“It’s Our Most Jewish Play This Season”: A Q&A With Adam Immerwahr About ‘The Christians’ at Theater J

For the second show in his first season as artistic director of Theater J, the nation’s largest and most prominent Jewish theater,  Adam Immerwahr picked a play with the counterintuitive title The Christians. Written by Lucas Hnath, who grew up in an evangelical Christian church and at one time considered becoming a minister like his mother, The Christians is set in a megachurch (a congregation with 2,000 or more souls).

All of this piqued my interest, not least because I too grew up in a Christian church, I’m a seasons-long fan of Theater J, and I dig audacious programming. So I asked Immerwahr if he would explain some things to me.  His answers surprised me as much as his choice of the play.

John: Reading The Christians was like rocking a world I grew up in. It lays bare so much stuff about the institutionalization of Christian belief in America that for someone like me who was raised in the Christian church, it’s like someone spiked the communion wine with truth serum. It’s a play that would rattle the foundations of Christian faith and practice staged anywhere in the country. And you’ve gone and programmed it into your first season at Theater J. Like, boom. What were you thinking?

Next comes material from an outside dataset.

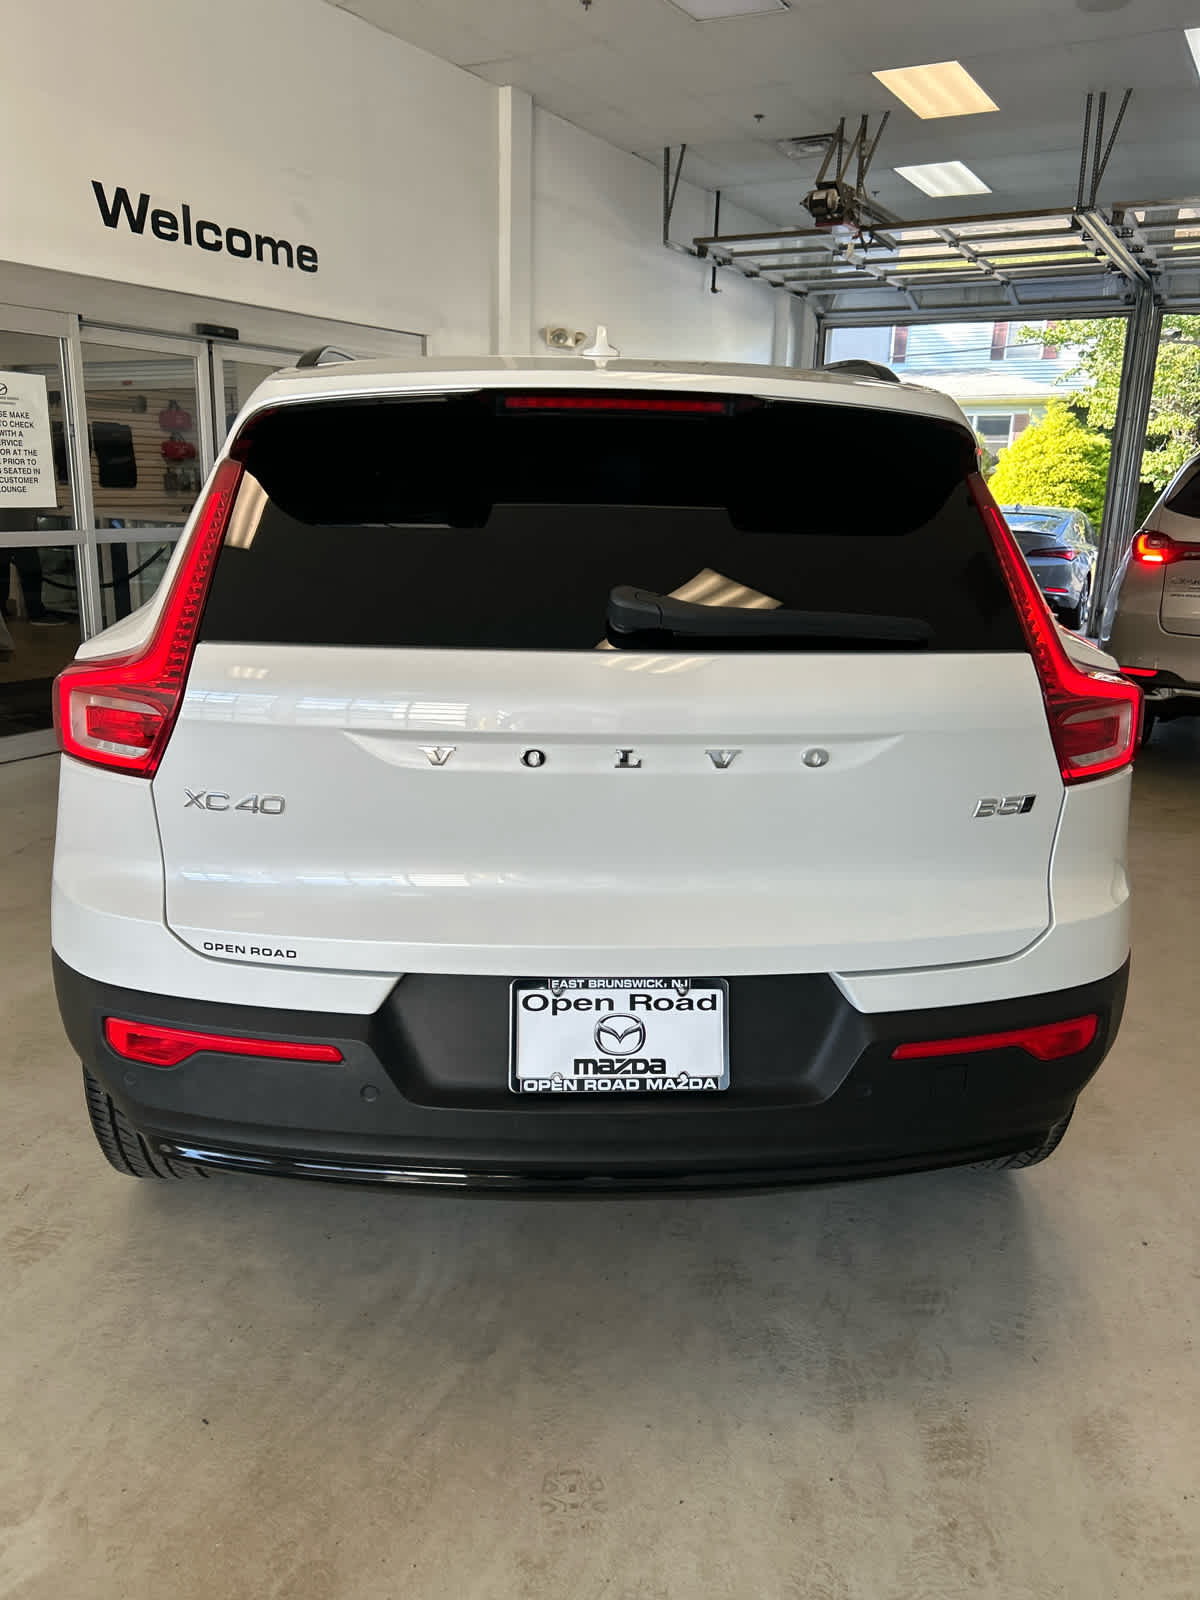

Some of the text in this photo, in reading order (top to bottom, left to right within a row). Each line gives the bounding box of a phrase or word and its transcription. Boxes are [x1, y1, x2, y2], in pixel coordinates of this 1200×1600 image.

Theater J's Artisitic Director Adam Immerwahr. Photo courtesy of Theater J.
Theater J’s Artisitic Director Adam Immerwahr. Photo courtesy of Theater J.

Adam: That’s an interesting read on it, because I read it and I think: This play is about the institutionalization of religion in America. The things that this play is exploring are not actually, fundamentally, only about Christianity, though the very specific scriptural argument being made in the play is a fundamentally Christian scriptural argument. The topics that are being explored—the clergy’s role as a public and private person; houses of worship as businesses and also faith-based institutions; how a religion can divide itself over a difference in doctrine; how we come to believe the things that we believe and how we hold on to those beliefs; in a conservative congregation of any sort, of any stripe, of any denomination, how we adjust to change; how religion can pull us apart or bring us together—I feel like these are all as relevant to someone who’s Christian as they are to someone who’s Jewish as they are to any other faith. The play itself is about religion and about what happens when our beliefs change.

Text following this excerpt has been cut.